Desde que publicara en 1991 aquel discutido “Liverpool Oratorio”, Paul McCartney ha querido alternar su papel esencial de músico pop y rock con incursiones en la música clásica. Ahora anuncia – 3 de octubre Reino Unido, 4 en Estados Unidos- la edición de “Ocean´s Kingdom”, su primera música orquestal compuesta específicamente para un espectáculo de danza.

Para este proyecto McCartney ha colaborado con Peter Martins, el director del Ballet de Nueva York. El ballet, con música interpretada por la London Classical Orchestra, dura una hora y tiene cuatro movimientos: “Ocean's Kingdom”, “Hall of Dance”, “Imprisonment” y “Moonrise”. El argumento del ballet narra una historia de amor en un mundo sumergido en el agua cuya población está amenazada por terrícolas.

Sir Paul ha manifestado que su principal intención ha sido hablar de la emoción humana, y que ha supuesto un desafío para él pasar el amor, el temor, la rabia o la tristeza al lenguaje musical.

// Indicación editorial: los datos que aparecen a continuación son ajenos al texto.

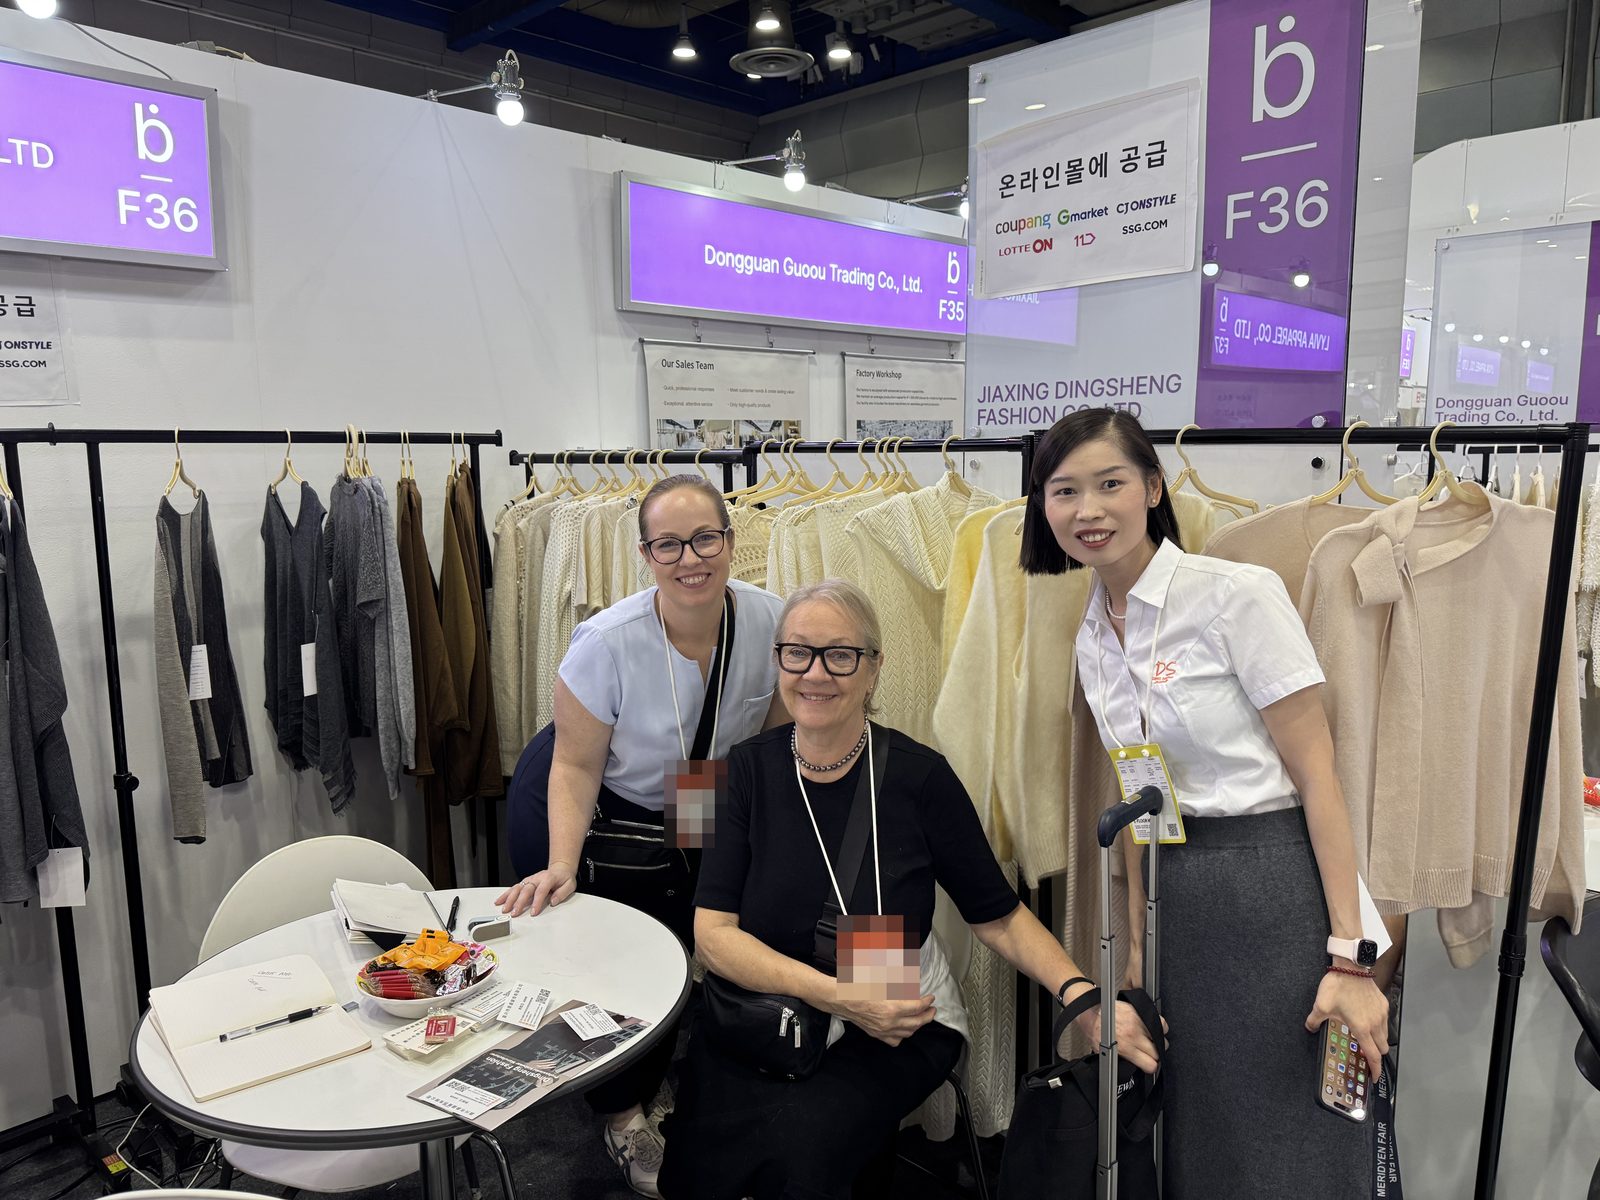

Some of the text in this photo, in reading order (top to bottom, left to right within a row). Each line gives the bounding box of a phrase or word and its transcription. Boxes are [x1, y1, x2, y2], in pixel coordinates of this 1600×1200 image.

[998, 140, 1168, 199] 온라인몰에 공급
[117, 188, 199, 233] F36
[1057, 205, 1109, 226] Gmarket
[1225, 179, 1329, 240] F36
[995, 213, 1052, 235] coupang
[1122, 218, 1168, 235] SSG.COM
[998, 237, 1053, 257] LOTTE ON
[704, 244, 923, 295] Dongguan Guoou Trading Co., Ltd.
[938, 299, 965, 322] F35
[4, 340, 52, 350] ONSTYLE
[661, 358, 715, 370] Our Sales Team
[856, 369, 902, 380] Factory Workshop
[977, 373, 1182, 404] JIAXING DINGSHENG
[1435, 396, 1512, 411] Dongguan
[1517, 394, 1569, 407] Guoou
[977, 405, 1056, 426] FASHION
[1435, 409, 1559, 425] Trading Co., Ltd.
[486, 1056, 514, 1070] Fashion
[1377, 1121, 1387, 1198] MERIDYEN FAIR
[1389, 1162, 1398, 1184] FAIR
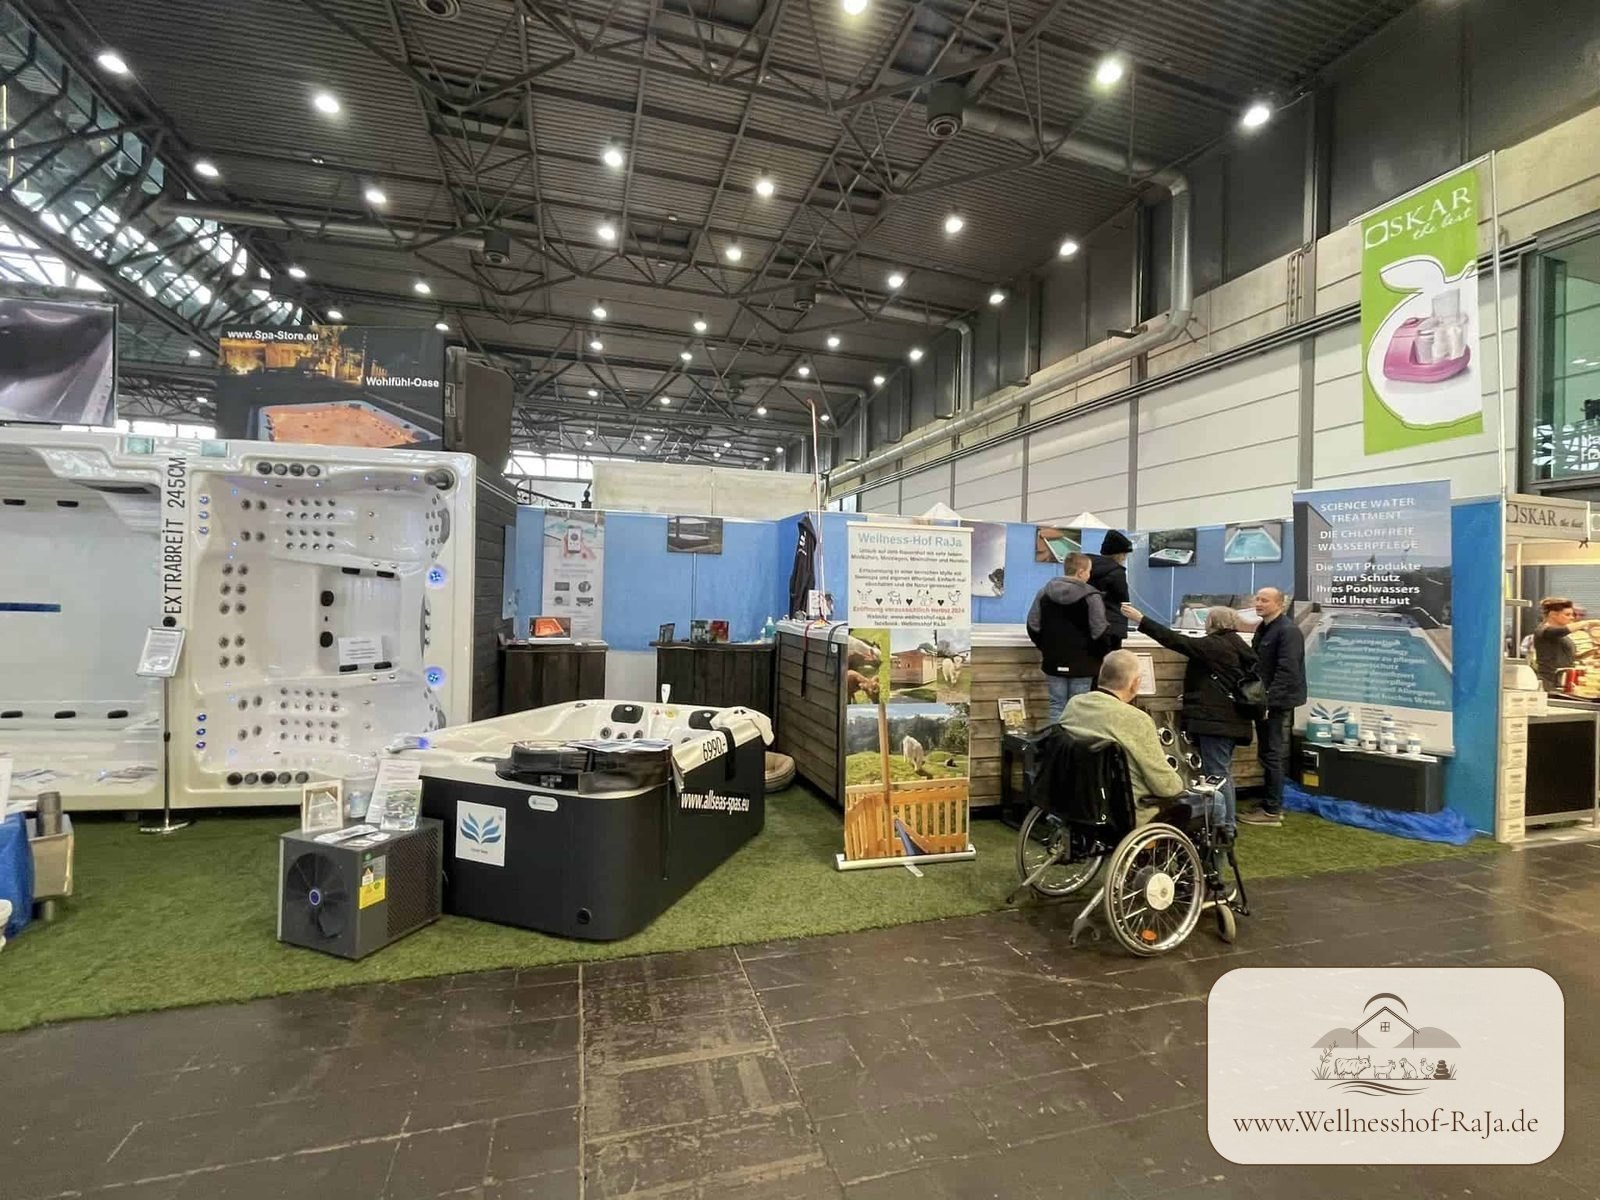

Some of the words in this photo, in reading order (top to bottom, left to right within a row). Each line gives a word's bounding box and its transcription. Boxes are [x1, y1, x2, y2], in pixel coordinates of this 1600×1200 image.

[1365, 187, 1472, 249] OSKAR
[227, 330, 319, 341] www.Spa-Store.eu
[366, 376, 439, 388] Wohlfühl-Oase
[1320, 501, 1368, 512] SCIENCE
[1370, 497, 1415, 508] WATER
[1331, 511, 1401, 523] TREATMENT
[1506, 504, 1557, 526] OSKAR
[858, 532, 932, 546] Wellness-Hof
[935, 536, 963, 547] RaJa
[1320, 530, 1338, 539] DIE
[1316, 563, 1334, 571] Die
[1336, 563, 1360, 571] SWT
[1364, 562, 1421, 571] Produkte
[1360, 573, 1401, 582] Schutz
[1316, 585, 1344, 593] Ihres
[1346, 585, 1421, 594] Poolwassers
[1325, 596, 1346, 604] und
[1350, 596, 1378, 604] Ihrer
[1380, 596, 1410, 605] Haut
[680, 789, 750, 815] www.allseas-spas.eu
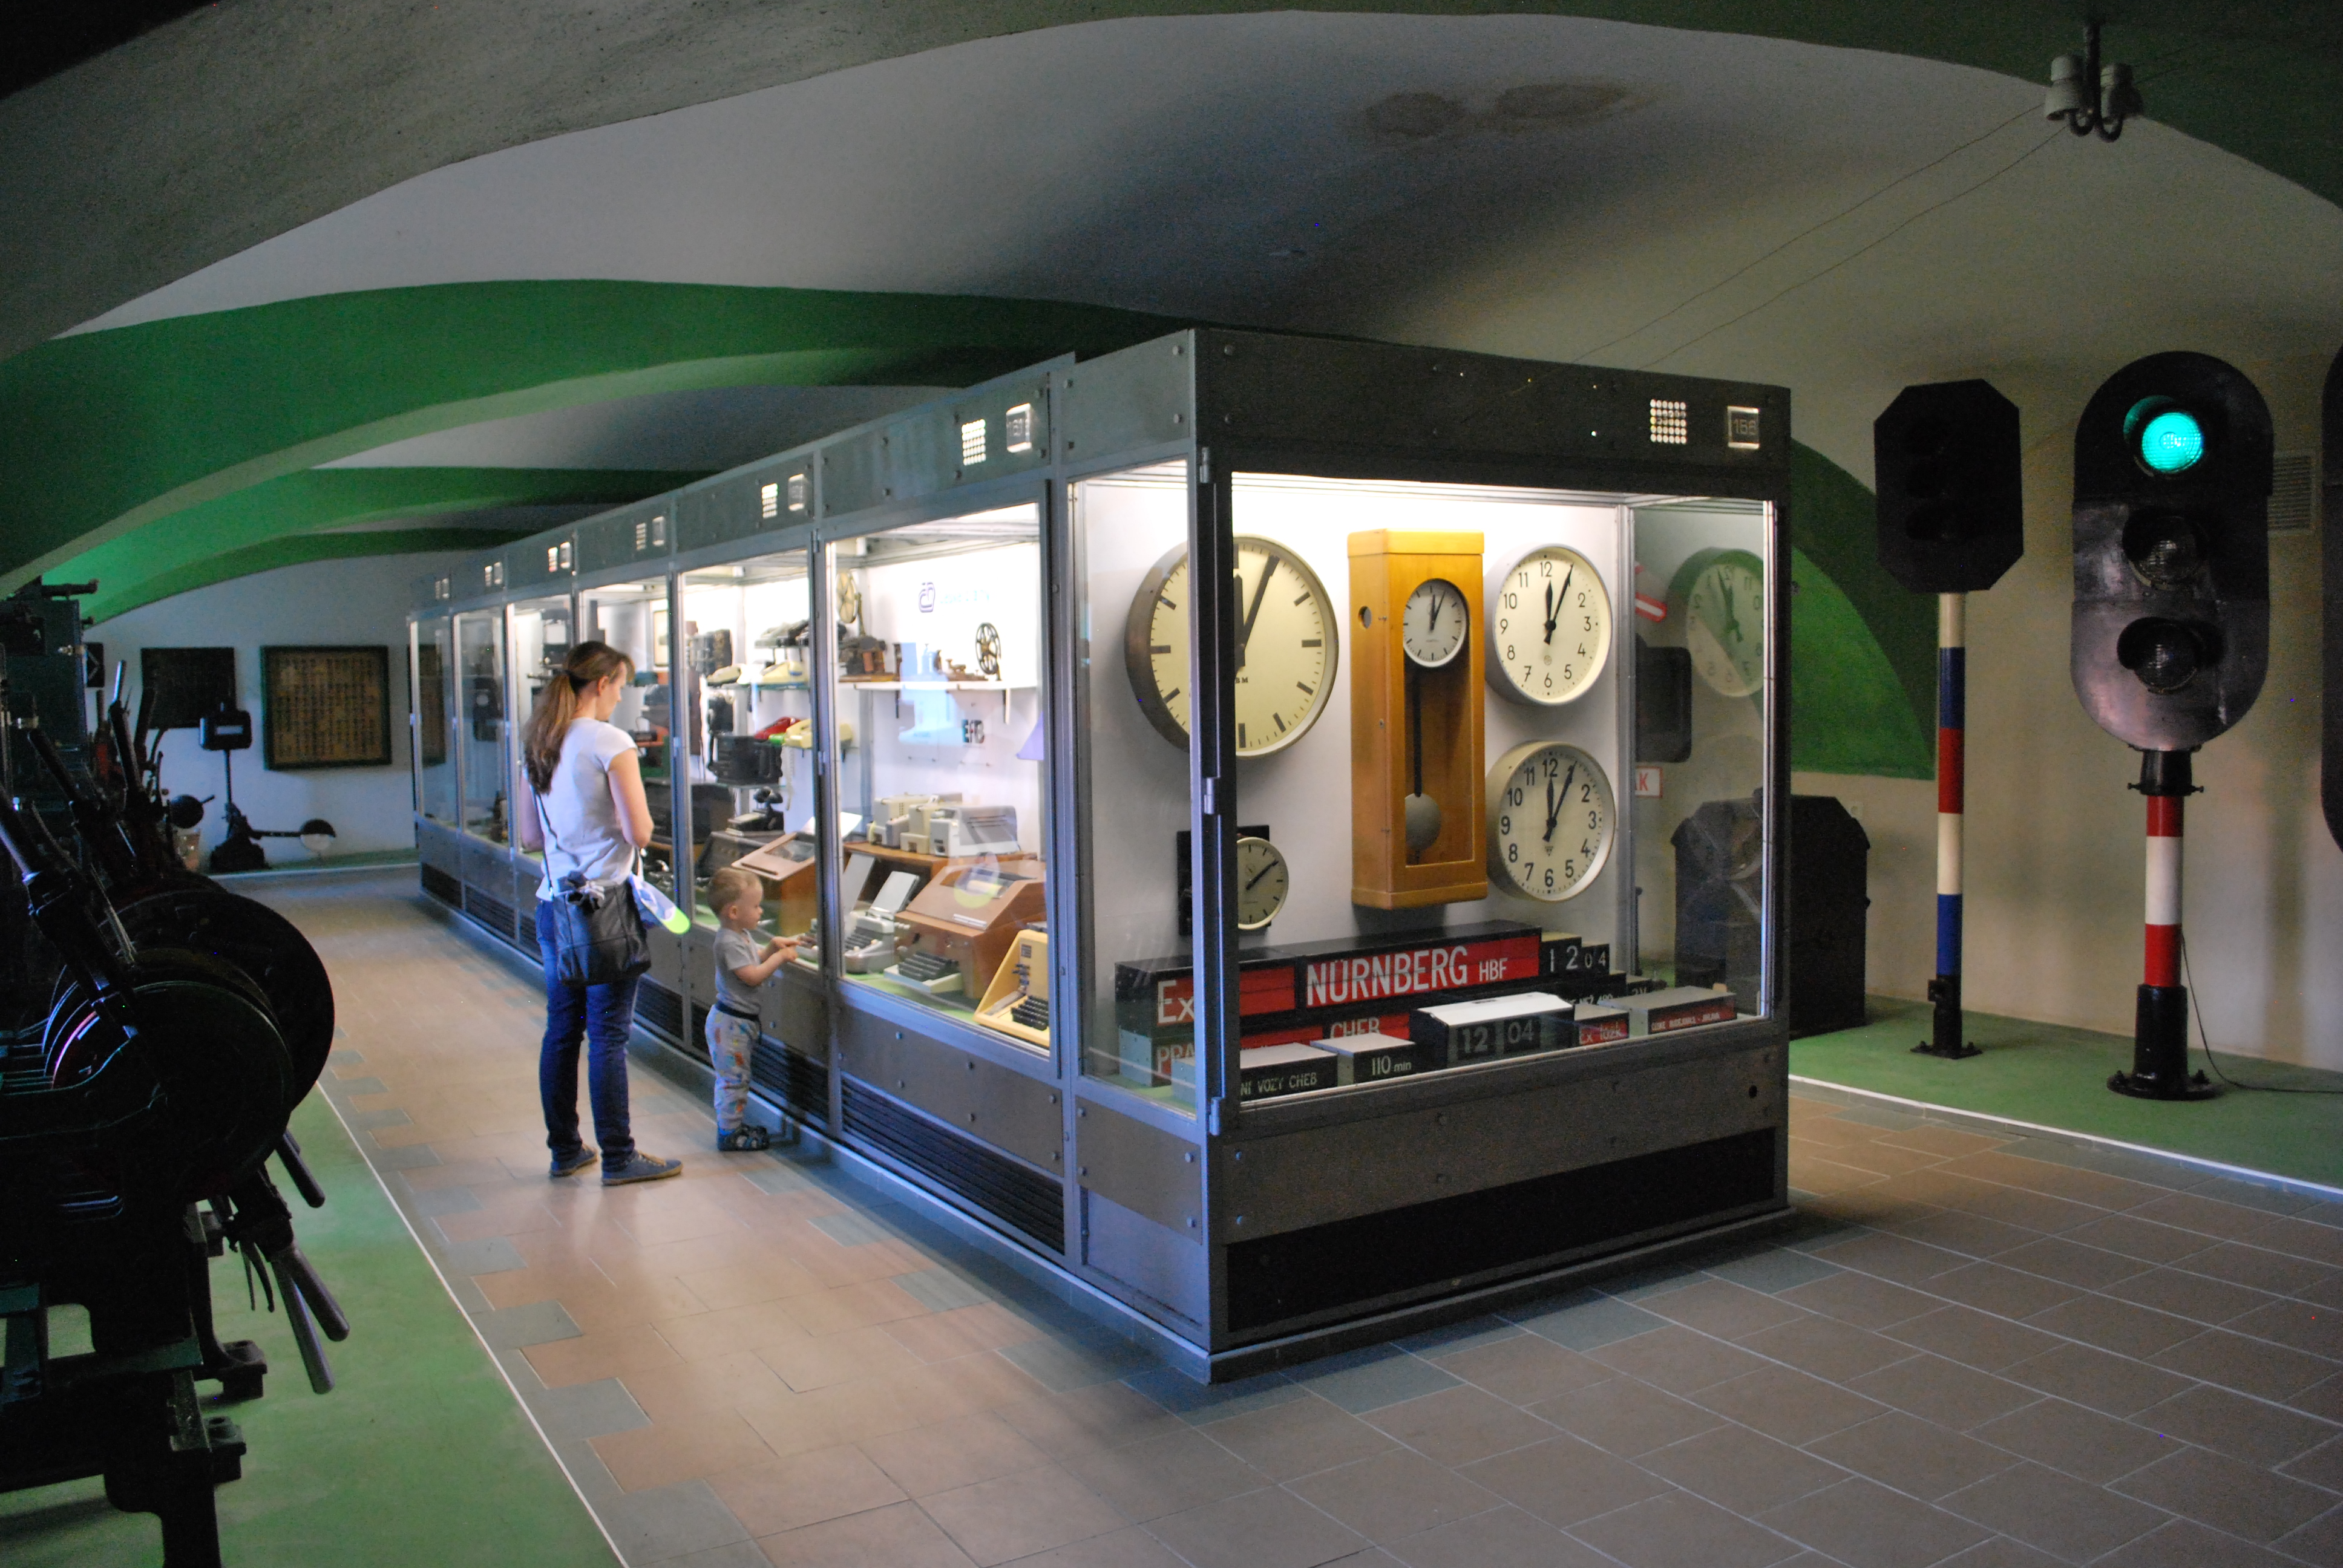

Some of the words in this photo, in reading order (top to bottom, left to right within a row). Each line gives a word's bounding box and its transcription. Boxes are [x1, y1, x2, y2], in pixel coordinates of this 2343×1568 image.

[1540, 561, 1552, 577] 12
[1519, 572, 1528, 587] 11
[1504, 593, 1517, 609] 10
[1578, 593, 1585, 607] 2
[1500, 619, 1508, 634] 9
[1584, 616, 1591, 632] 3
[1507, 645, 1515, 660] 8
[1578, 642, 1585, 657] 4
[1524, 666, 1531, 682] 7
[1544, 673, 1552, 688] 6
[1564, 664, 1571, 679] 5
[1524, 766, 1535, 786] 11
[1542, 759, 1558, 777] 12
[1508, 788, 1522, 806] 10
[1582, 784, 1590, 803] 2
[1501, 816, 1510, 835] 9
[1588, 811, 1596, 829] 3
[1509, 843, 1518, 863] 8
[1581, 838, 1590, 858] 4
[1525, 863, 1534, 881] 7
[1545, 869, 1553, 887] 6
[1565, 860, 1573, 878] 5
[1306, 946, 1468, 1006] NÜRNBERG
[1478, 958, 1509, 982] HBF
[1462, 1026, 1488, 1054] 12
[1507, 1019, 1535, 1044] 04
[1371, 1055, 1392, 1076] 110
[1394, 1060, 1412, 1073] min
[1257, 1076, 1284, 1093] VOZY
[1289, 1072, 1318, 1088] CHEB

Curiosamente el disco va a ser editado en Gran Bretaña por Decca, el sello que rechazó a los Beatles el 1 de enero de 1962. Para la historia ha quedado, de forma enormemente injusta, el nombre de Dick Rowe, la persona que decidió no contratarles. Pocos recuerdan que el ex batería de los Shadows, Tony Meehan, fue el productor de la sesiones. Y es que hay muchos Dick Rowe: EMI, Columbia, Pye, Philips y Oriole no quisieron contratar a los Beatles hasta que George Martin decidió ficharles para el pequeño subsello de EMI, Parlophone.